_WORK INSTRUCTION_. Write out the listing below without alteration, omitting its pictures.

_THE RECORDS_.
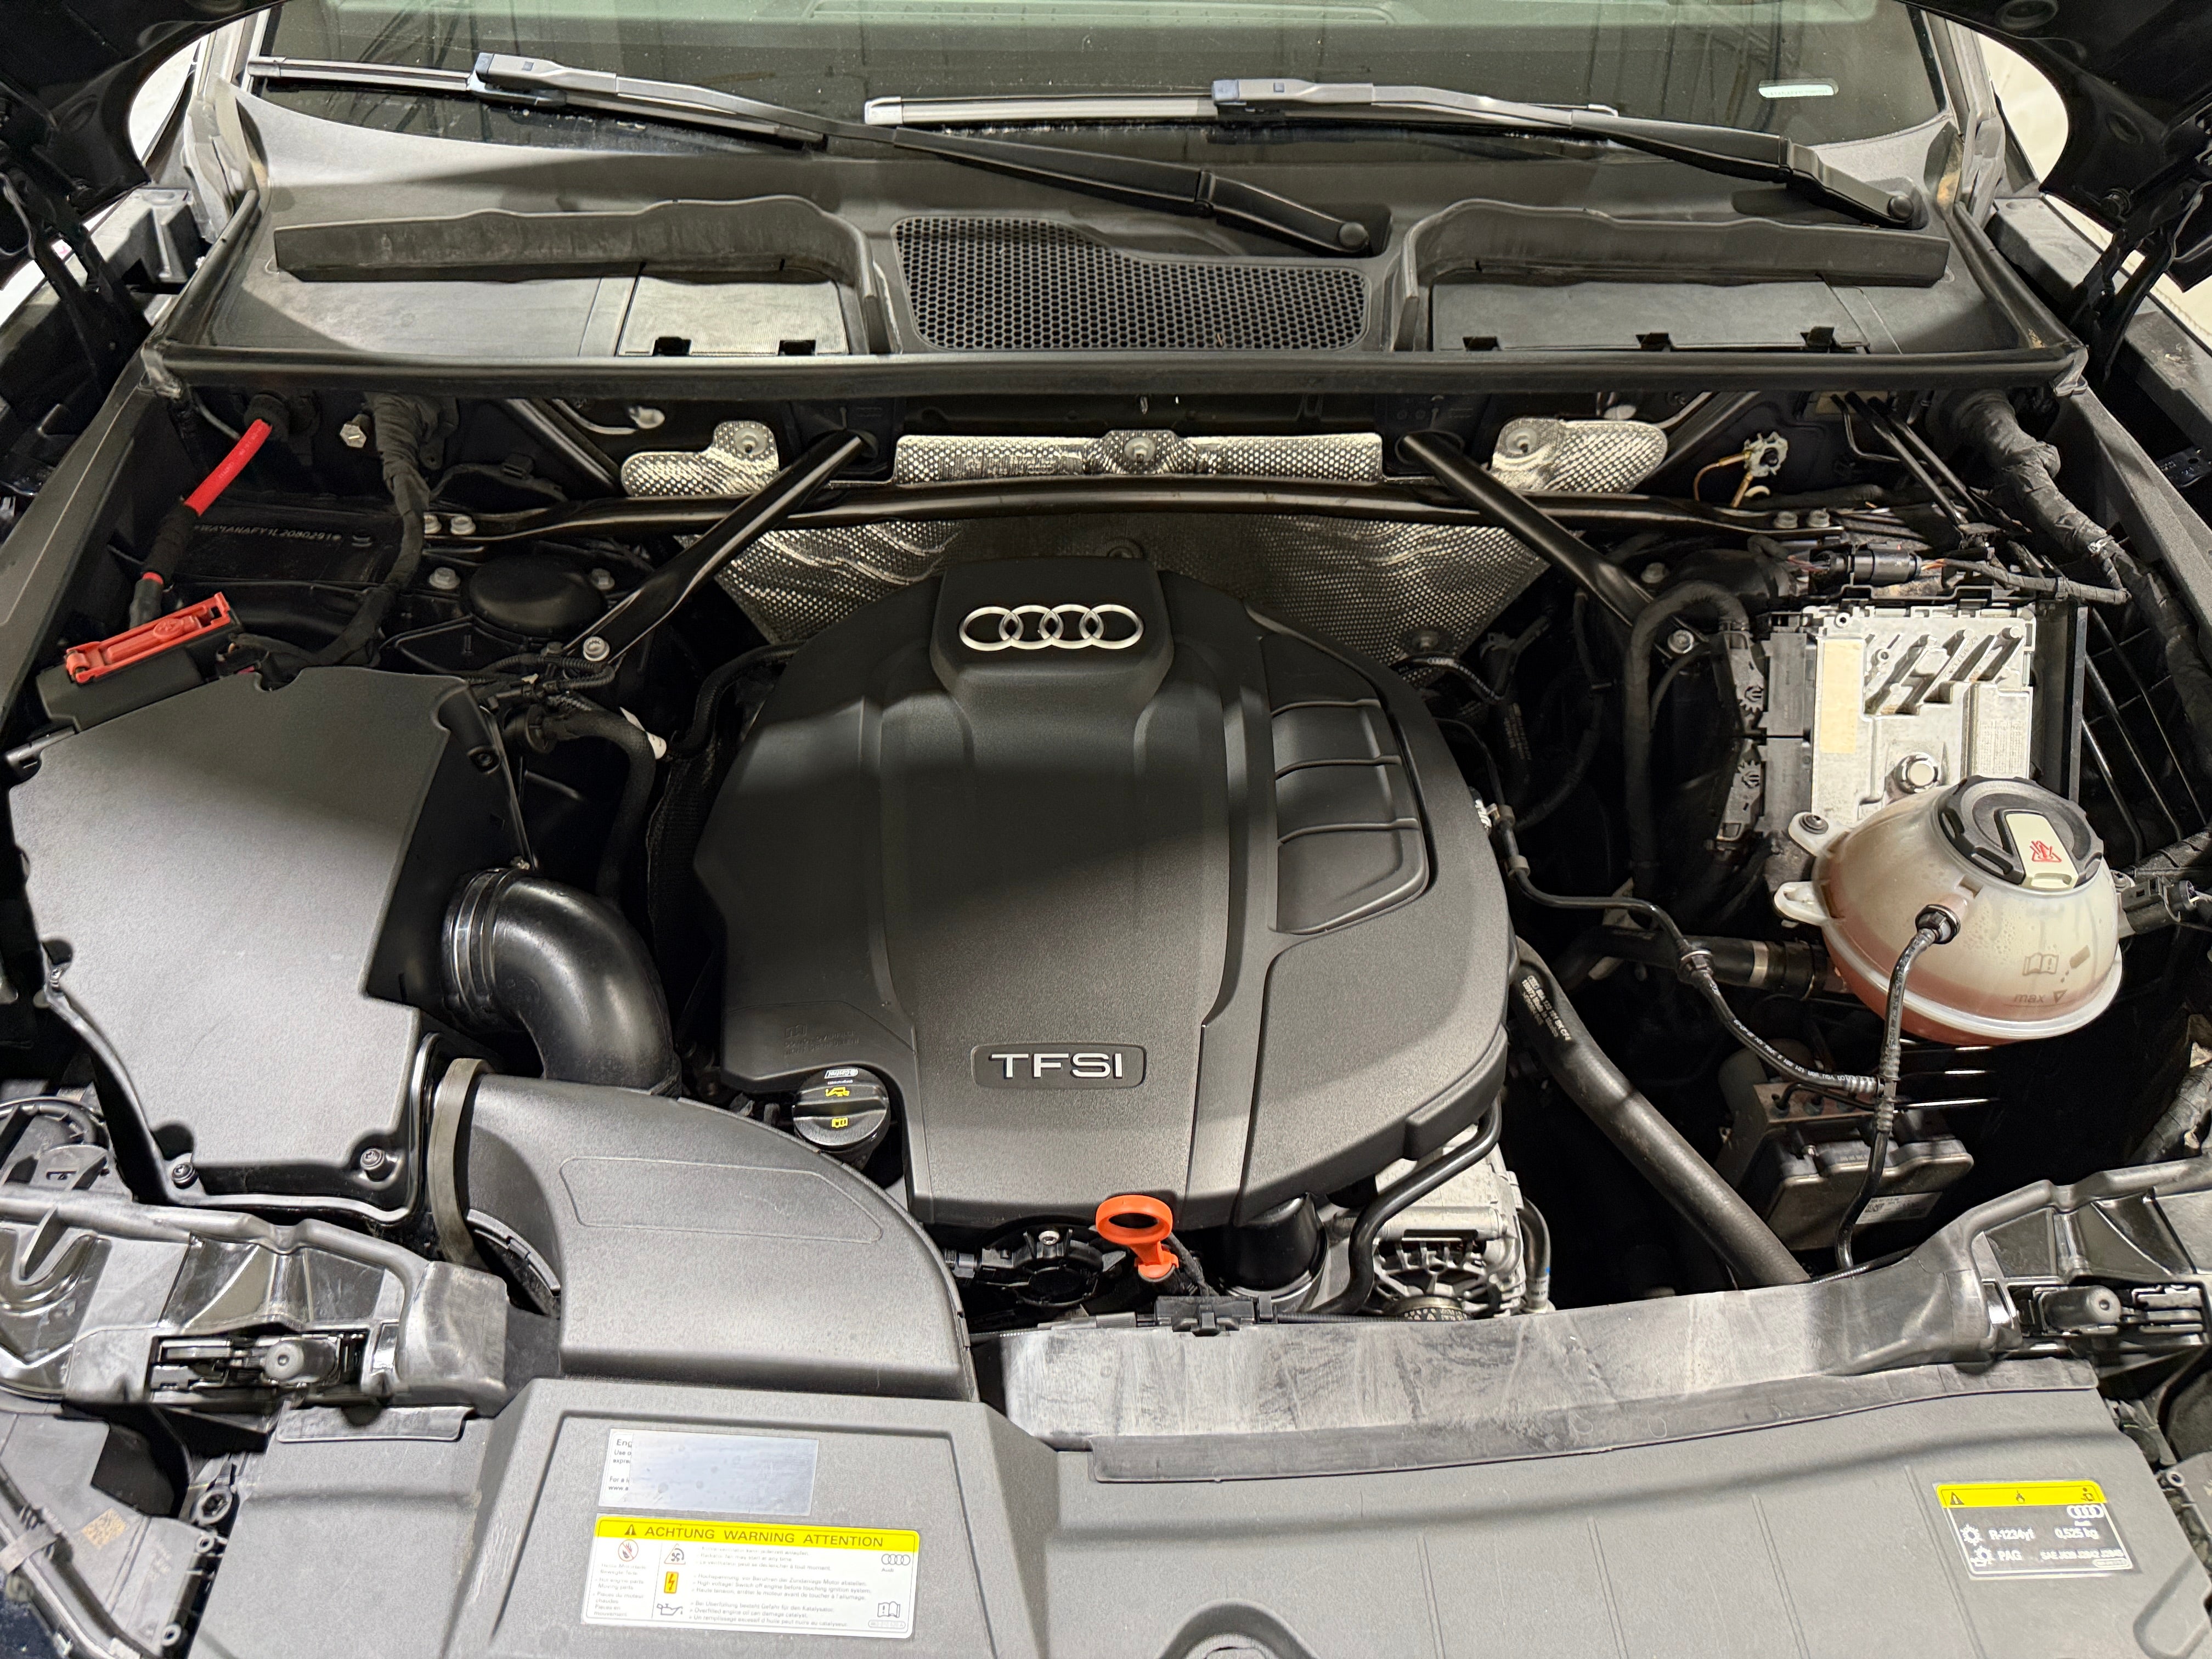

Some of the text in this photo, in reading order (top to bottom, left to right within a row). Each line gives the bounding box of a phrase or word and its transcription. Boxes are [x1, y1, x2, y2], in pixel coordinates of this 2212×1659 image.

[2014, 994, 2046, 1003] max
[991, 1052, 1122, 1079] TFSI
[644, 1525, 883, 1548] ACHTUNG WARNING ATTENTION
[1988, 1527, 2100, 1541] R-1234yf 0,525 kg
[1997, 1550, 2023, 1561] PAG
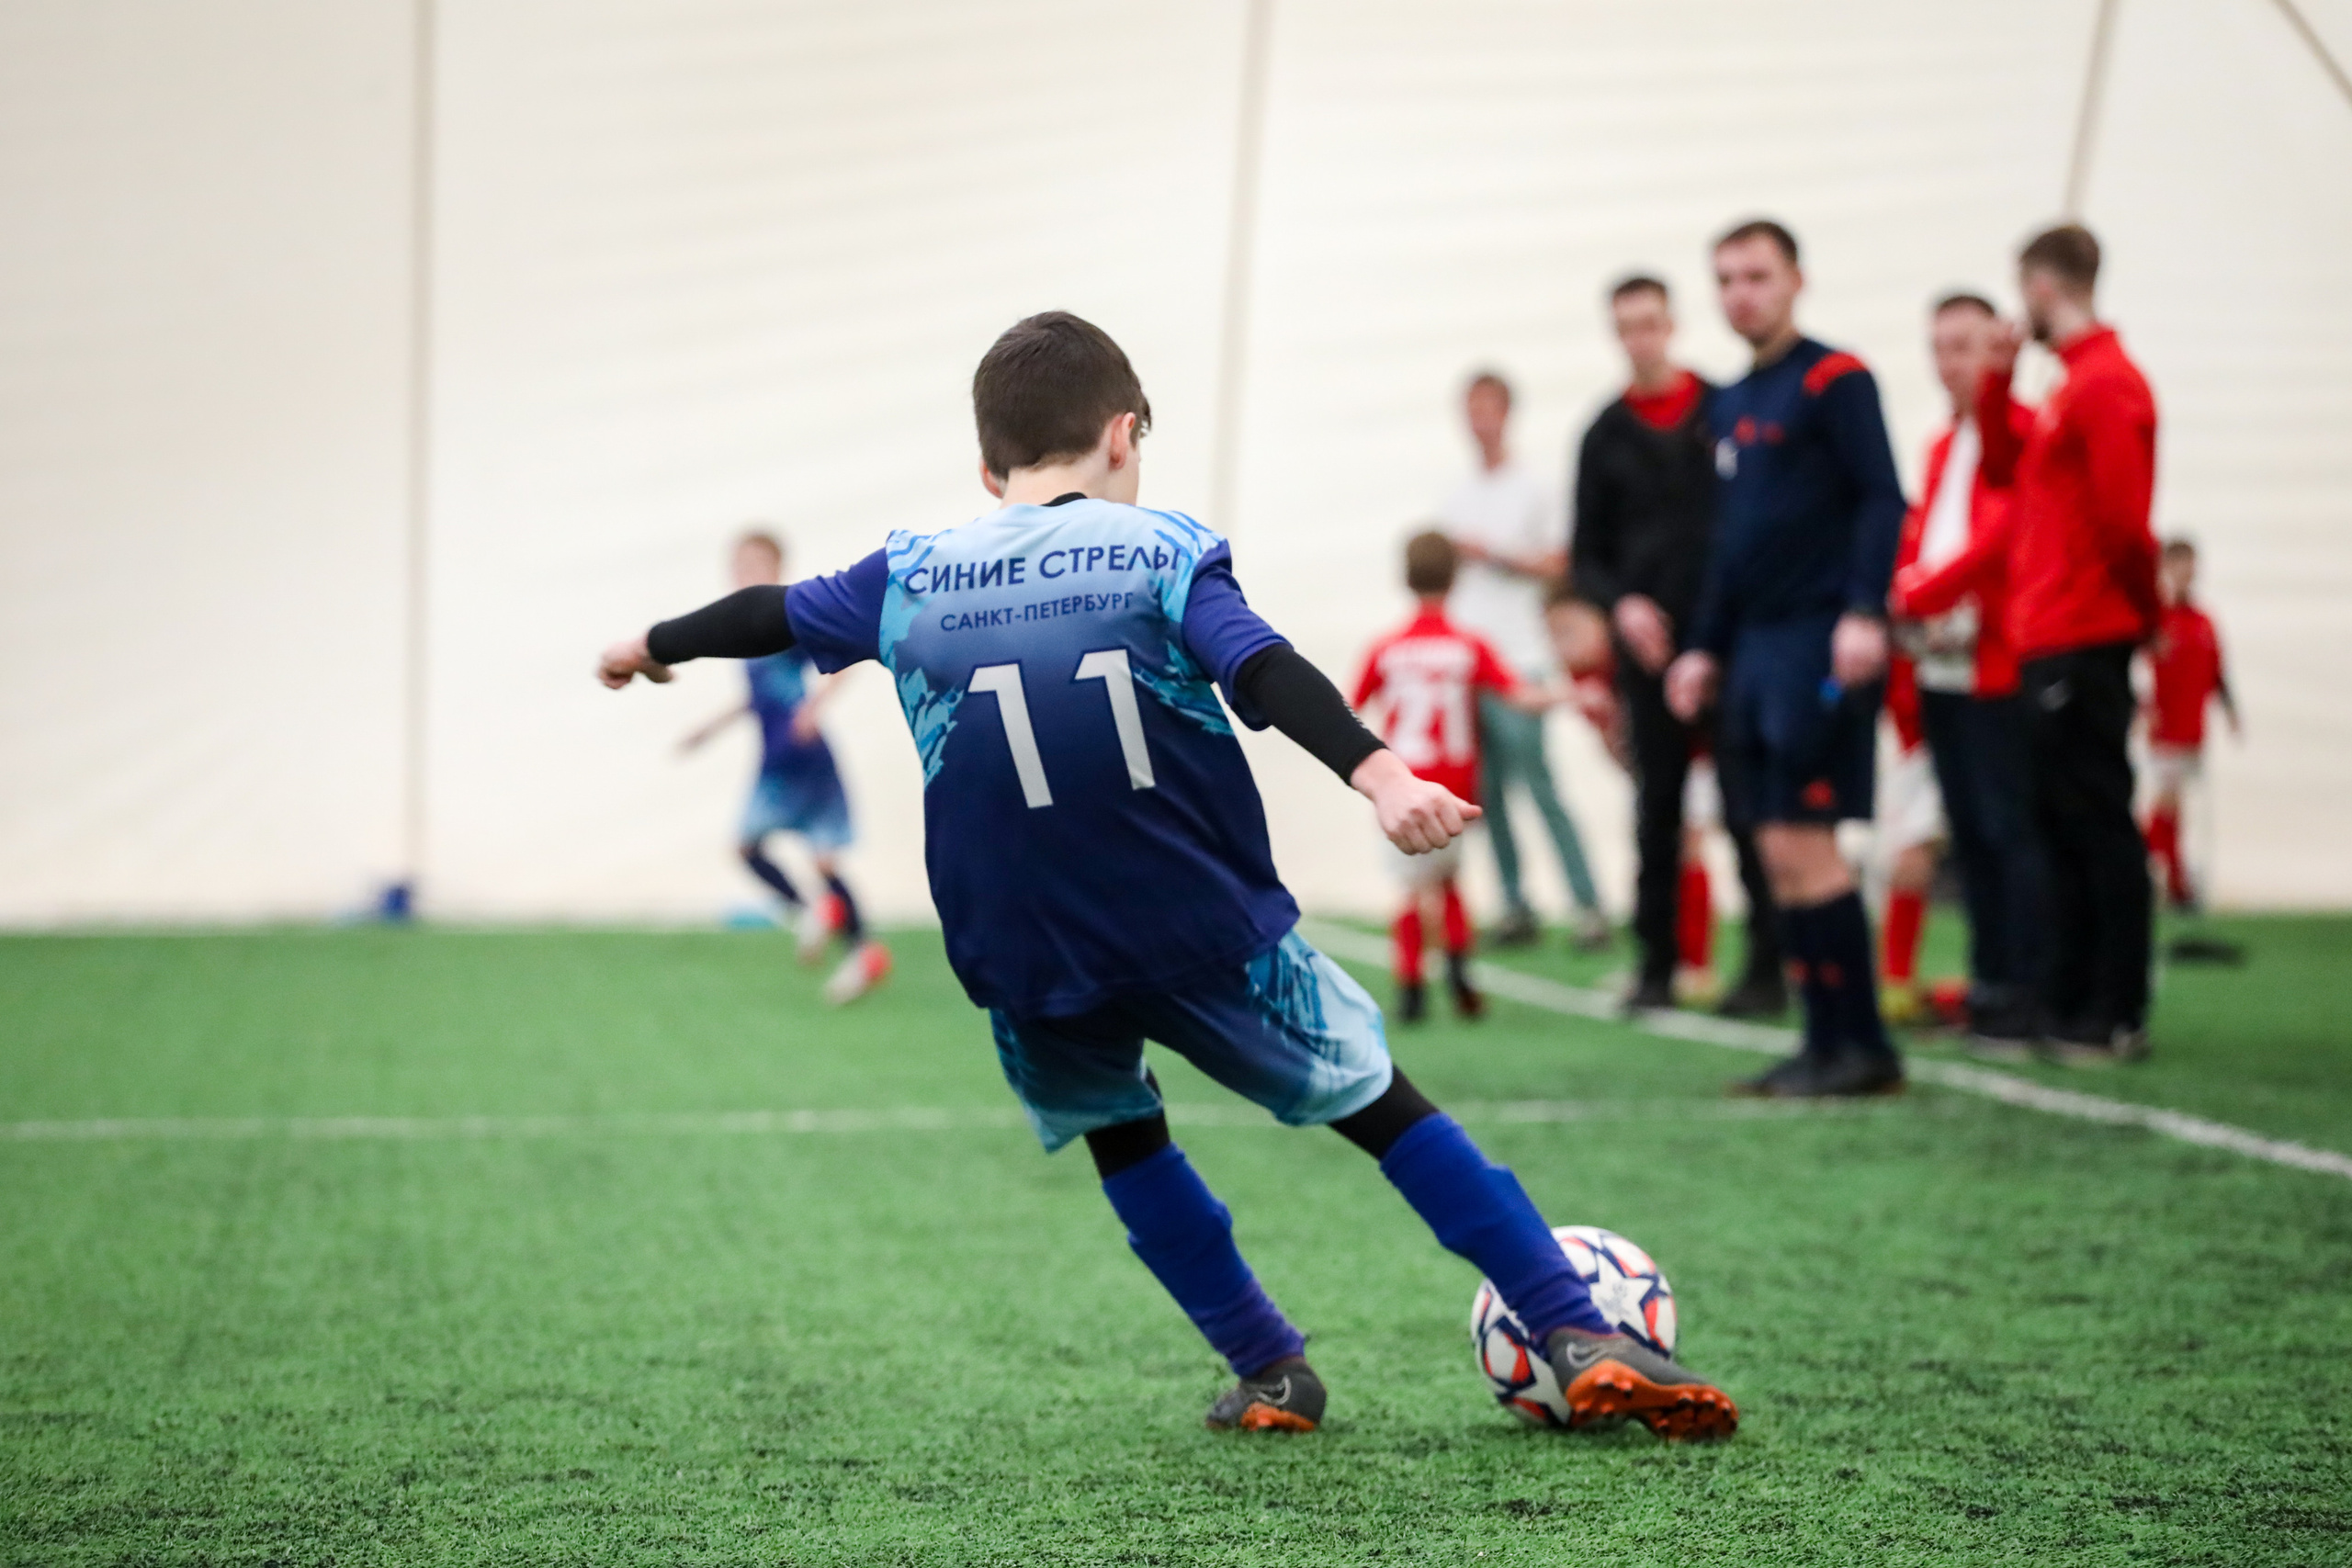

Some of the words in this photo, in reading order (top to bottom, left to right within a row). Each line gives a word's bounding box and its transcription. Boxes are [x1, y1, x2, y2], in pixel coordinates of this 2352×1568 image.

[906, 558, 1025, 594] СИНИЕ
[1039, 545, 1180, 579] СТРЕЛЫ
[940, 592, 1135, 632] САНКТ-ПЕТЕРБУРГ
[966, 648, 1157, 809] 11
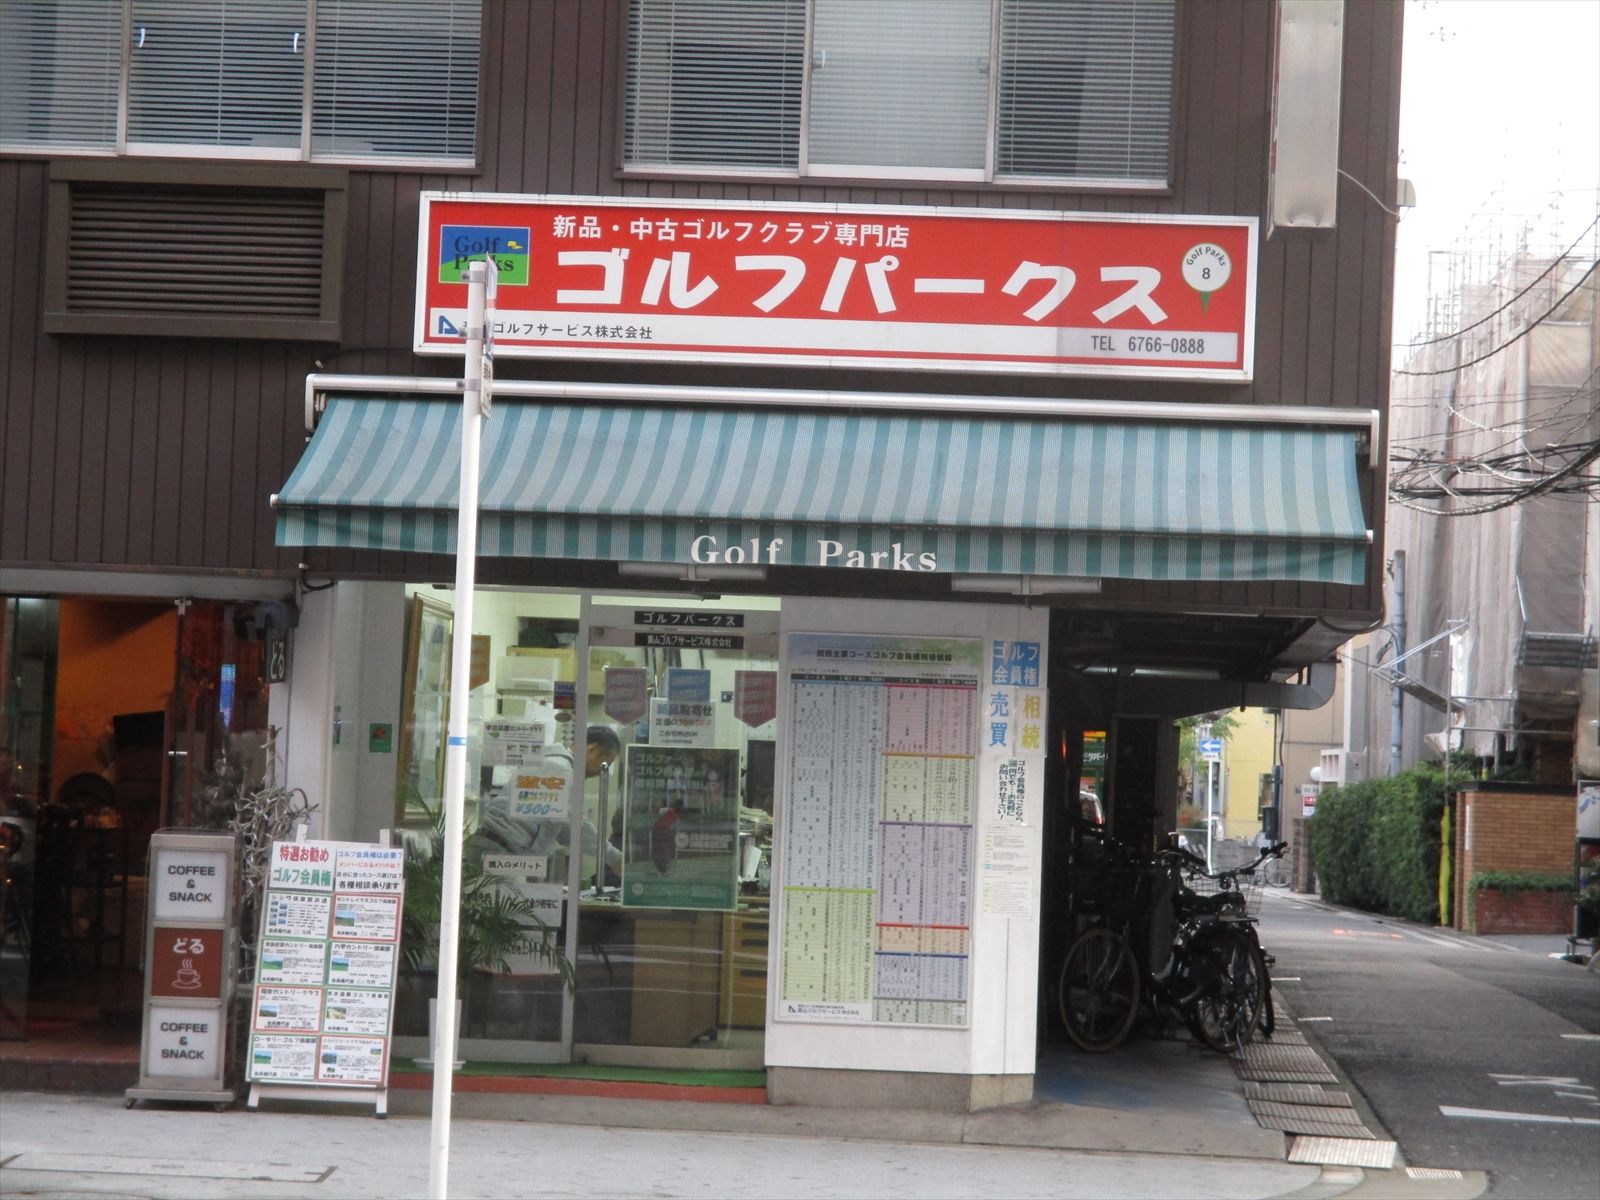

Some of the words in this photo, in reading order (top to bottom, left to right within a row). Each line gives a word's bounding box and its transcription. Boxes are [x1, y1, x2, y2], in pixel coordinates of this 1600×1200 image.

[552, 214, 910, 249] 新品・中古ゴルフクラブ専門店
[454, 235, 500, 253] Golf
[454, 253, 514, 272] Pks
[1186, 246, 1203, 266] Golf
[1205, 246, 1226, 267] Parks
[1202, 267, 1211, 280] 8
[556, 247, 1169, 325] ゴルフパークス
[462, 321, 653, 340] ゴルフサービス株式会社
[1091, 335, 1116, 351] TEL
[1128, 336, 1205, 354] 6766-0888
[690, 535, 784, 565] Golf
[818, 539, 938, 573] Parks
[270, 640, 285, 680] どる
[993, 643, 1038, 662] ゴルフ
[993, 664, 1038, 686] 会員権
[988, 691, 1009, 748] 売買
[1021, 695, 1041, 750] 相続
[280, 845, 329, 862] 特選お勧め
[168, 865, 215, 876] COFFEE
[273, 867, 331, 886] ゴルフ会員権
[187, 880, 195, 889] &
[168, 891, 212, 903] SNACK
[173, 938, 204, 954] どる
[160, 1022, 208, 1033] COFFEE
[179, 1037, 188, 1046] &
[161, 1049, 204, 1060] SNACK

_WRITTEN ANSWER_.
Some of the text in this photo, in reading order (top to bottom, left to right within a row). Each line gives the bounding box of a phrase or word and its transcription. Boxes are [x1, y1, x2, y2], in pixel coordinates of this 2212×1659 image.

[2014, 994, 2046, 1003] max
[991, 1052, 1122, 1079] TFSI
[644, 1525, 883, 1548] ACHTUNG WARNING ATTENTION
[1988, 1527, 2100, 1541] R-1234yf 0,525 kg
[1997, 1550, 2023, 1561] PAG

Some of the words in this photo, in reading order (top to bottom, left to right within a row). Each line gives a word's bounding box and its transcription. Boxes are [x1, y1, x2, y2], in pixel coordinates of this 2352×1568 image.

[906, 558, 1025, 594] СИНИЕ
[1039, 545, 1180, 579] СТРЕЛЫ
[940, 592, 1135, 632] САНКТ-ПЕТЕРБУРГ
[966, 648, 1157, 809] 11

Some of the words in this photo, in reading order (top to bottom, left to right within a row). Each line gives a word's bounding box and its transcription. Boxes are [x1, y1, x2, y2], in pixel coordinates of this 1600×1200 image.

[552, 214, 910, 249] 新品・中古ゴルフクラブ専門店
[454, 235, 500, 253] Golf
[454, 253, 514, 272] Pks
[1186, 246, 1203, 266] Golf
[1205, 246, 1226, 267] Parks
[1202, 267, 1211, 280] 8
[556, 247, 1169, 325] ゴルフパークス
[462, 321, 653, 340] ゴルフサービス株式会社
[1091, 335, 1116, 351] TEL
[1128, 336, 1205, 354] 6766-0888
[690, 535, 784, 565] Golf
[818, 539, 938, 573] Parks
[270, 640, 285, 680] どる
[993, 643, 1038, 662] ゴルフ
[993, 664, 1038, 686] 会員権
[988, 691, 1009, 748] 売買
[1021, 695, 1041, 750] 相続
[280, 845, 329, 862] 特選お勧め
[168, 865, 215, 876] COFFEE
[273, 867, 331, 886] ゴルフ会員権
[187, 880, 195, 889] &
[168, 891, 212, 903] SNACK
[173, 938, 204, 954] どる
[160, 1022, 208, 1033] COFFEE
[179, 1037, 188, 1046] &
[161, 1049, 204, 1060] SNACK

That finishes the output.